What needs transcribing is the line with "this 2000×1200 image." and every line after it to the end of the records, exactly and alone, with no pictures.
* * *
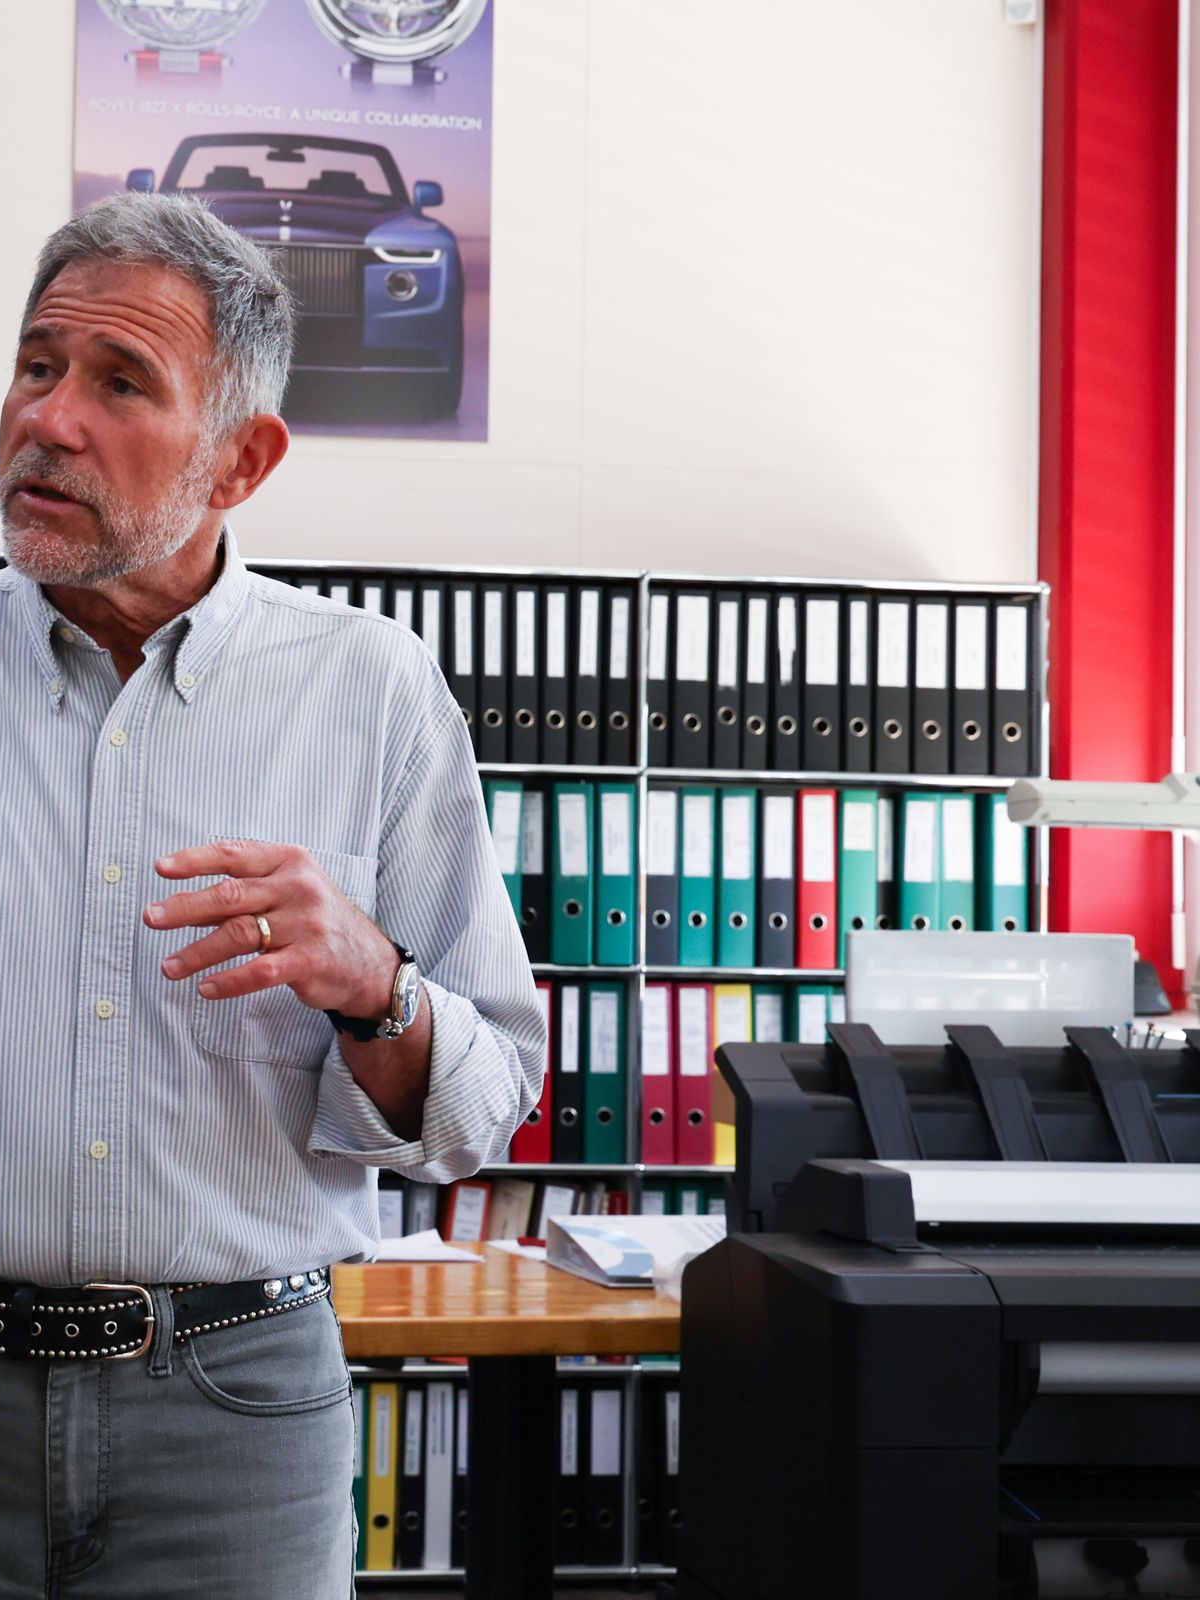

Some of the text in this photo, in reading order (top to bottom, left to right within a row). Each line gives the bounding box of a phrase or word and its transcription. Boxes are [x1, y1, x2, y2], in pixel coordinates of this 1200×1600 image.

[87, 97, 134, 112] BOVET
[289, 108, 301, 121] A
[304, 108, 361, 125] UNIQUE
[364, 110, 483, 131] COLLABORATION
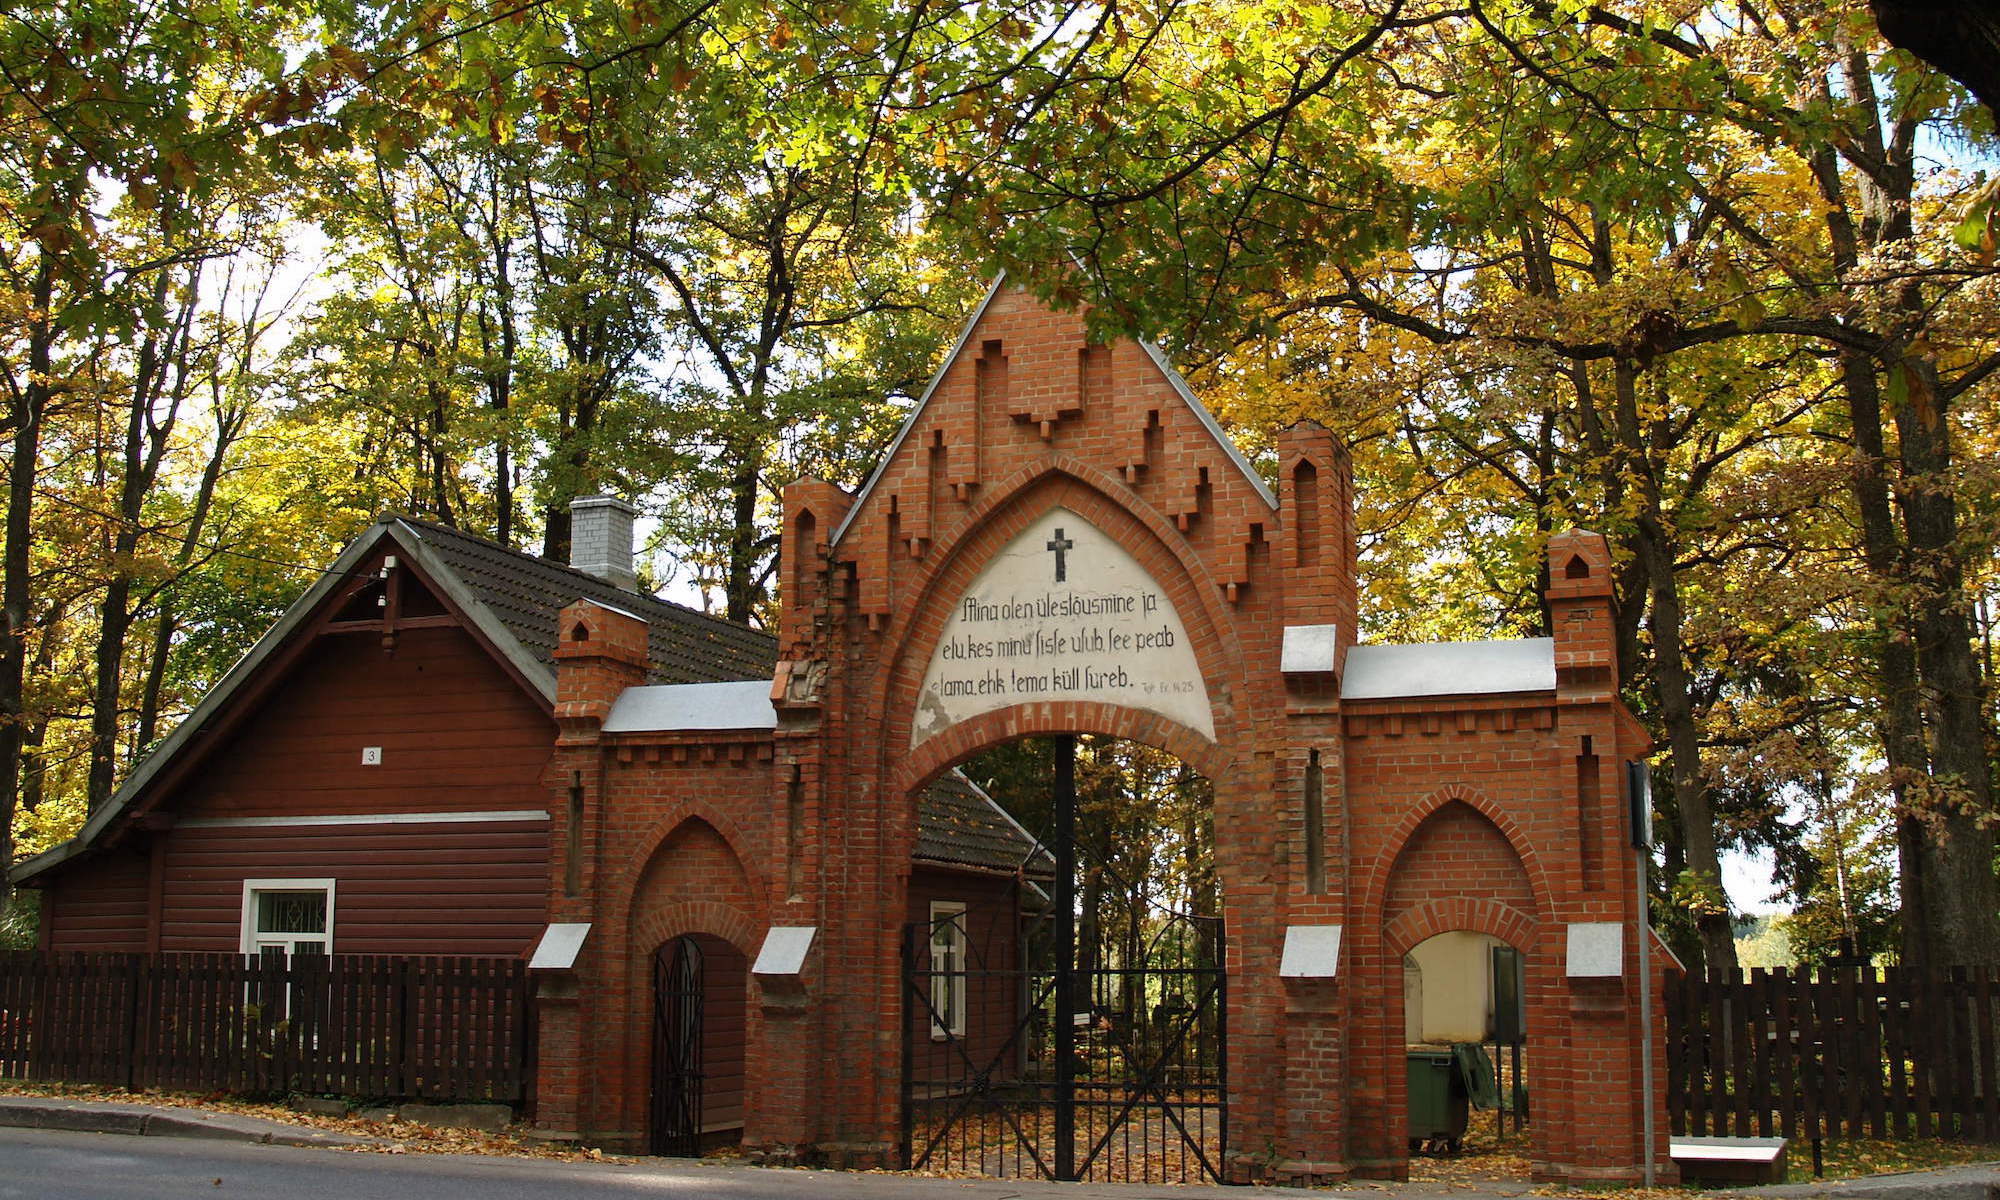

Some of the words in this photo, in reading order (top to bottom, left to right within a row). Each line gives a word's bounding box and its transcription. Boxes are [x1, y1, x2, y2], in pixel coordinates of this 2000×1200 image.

[1002, 594, 1033, 620] olen
[1142, 592, 1157, 619] ja
[968, 634, 993, 658] kes
[997, 637, 1032, 657] minu
[1135, 625, 1174, 653] peab
[978, 668, 1005, 694] ehk
[1052, 666, 1079, 692] küll
[368, 750, 375, 762] 3
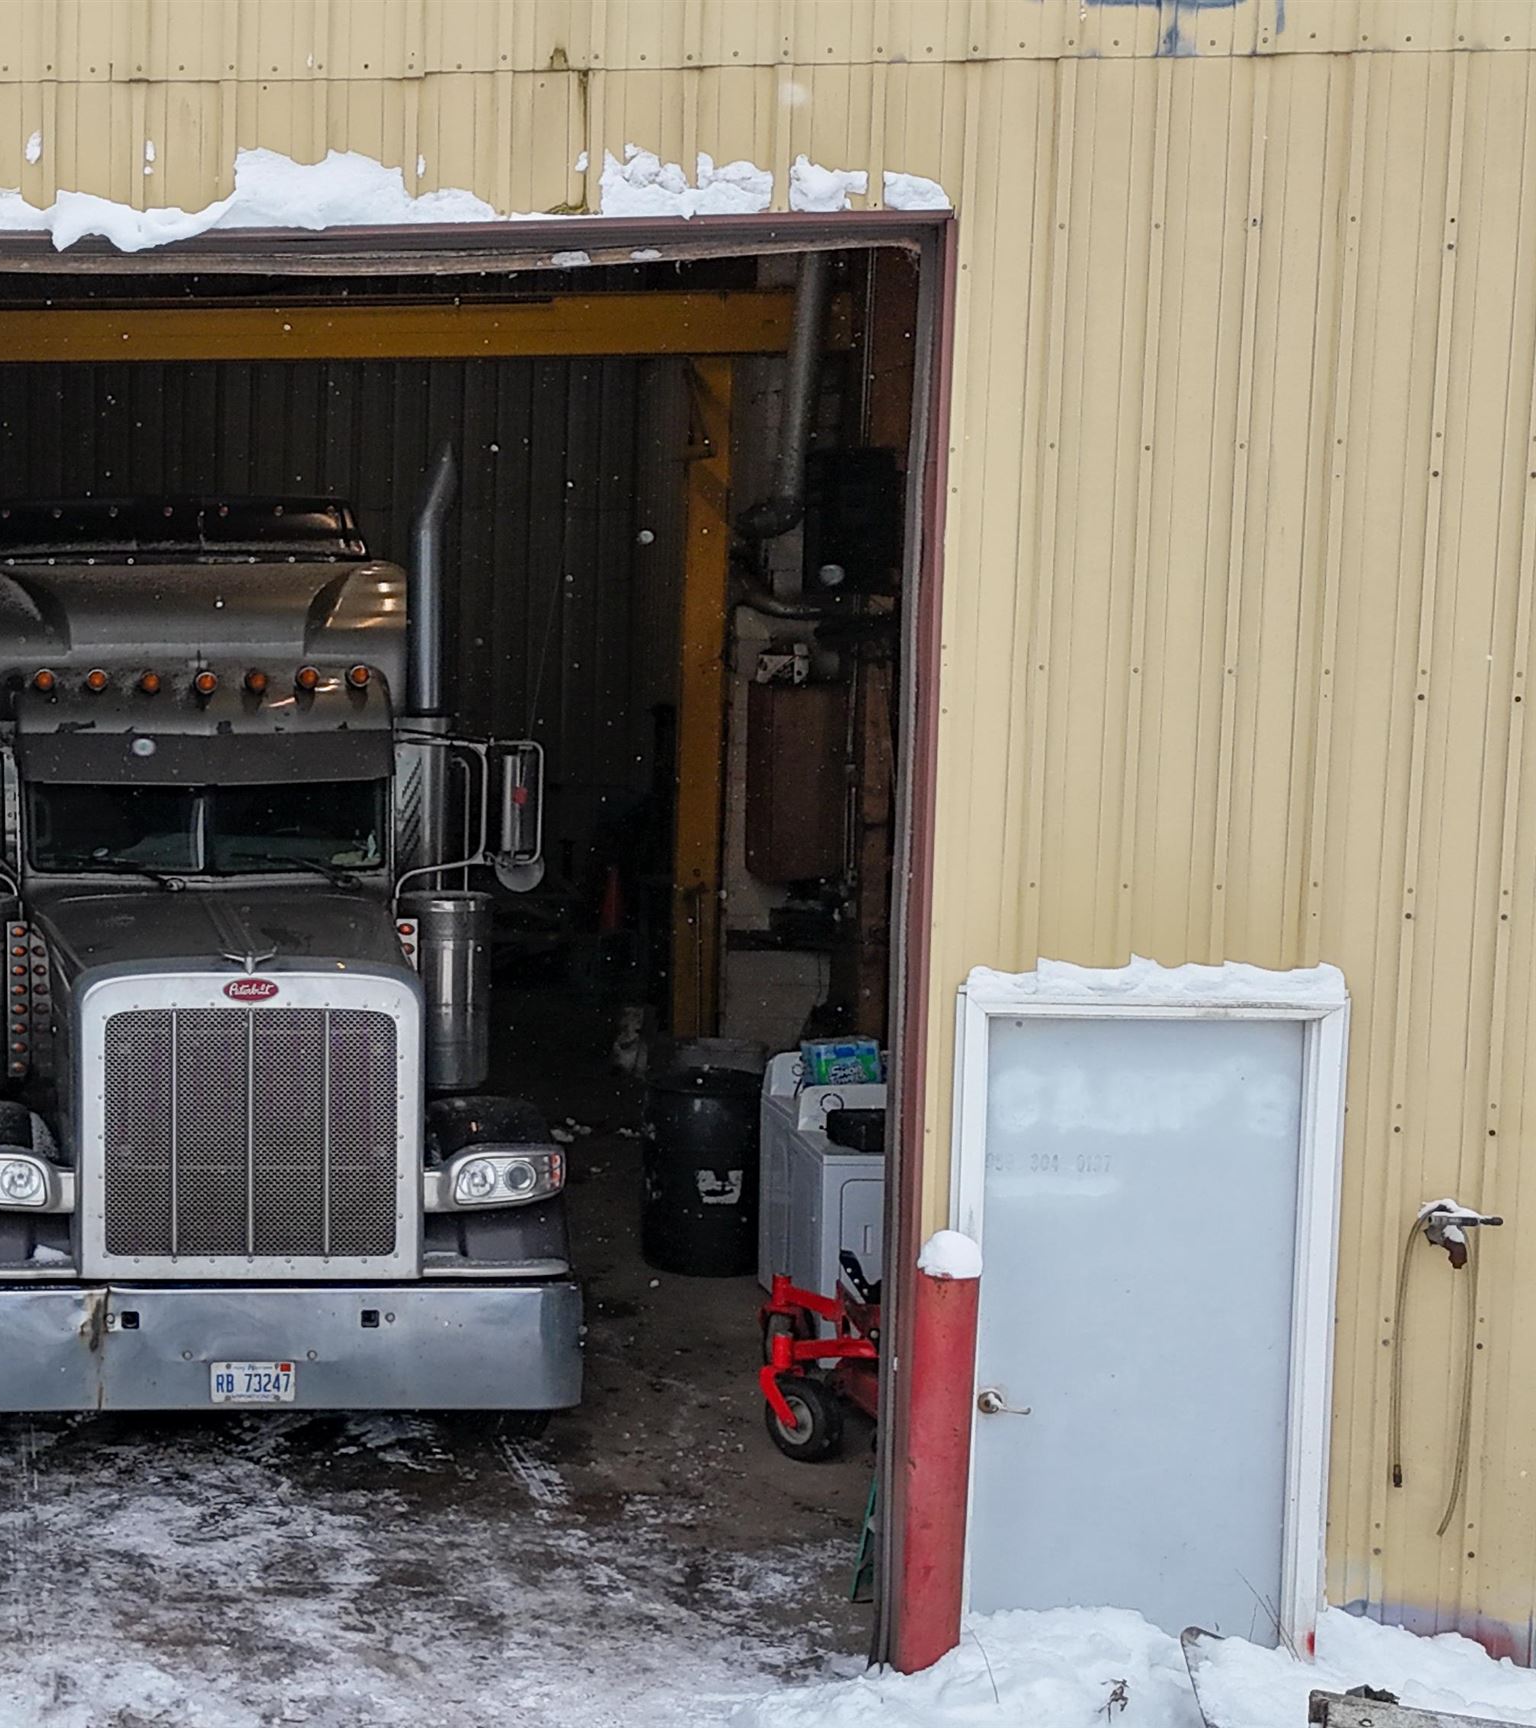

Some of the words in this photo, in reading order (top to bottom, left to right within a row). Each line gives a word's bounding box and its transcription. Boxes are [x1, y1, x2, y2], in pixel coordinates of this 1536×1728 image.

[229, 982, 275, 997] Peterbilt
[216, 1374, 234, 1393] RB
[244, 1373, 291, 1393] 73247
* * *
- Response for this exercise
Some of the words in this photo, in reading order (top to bottom, left to right within a row). Each line gives a word's bounding box and its transcription. Boxes are [x1, y1, x2, y2], in pixel coordinates of this 2000×1200 image.

[1002, 594, 1033, 620] olen
[1142, 592, 1157, 619] ja
[968, 634, 993, 658] kes
[997, 637, 1032, 657] minu
[1135, 625, 1174, 653] peab
[978, 668, 1005, 694] ehk
[1052, 666, 1079, 692] küll
[368, 750, 375, 762] 3

Some of the words in this photo, in reading order (top to bottom, left to right within a row). Each line gives a word's bounding box and its transcription. Boxes are [x1, y1, x2, y2], in pixel coordinates of this 1536×1728 image.

[229, 982, 275, 997] Peterbilt
[216, 1374, 234, 1393] RB
[244, 1373, 291, 1393] 73247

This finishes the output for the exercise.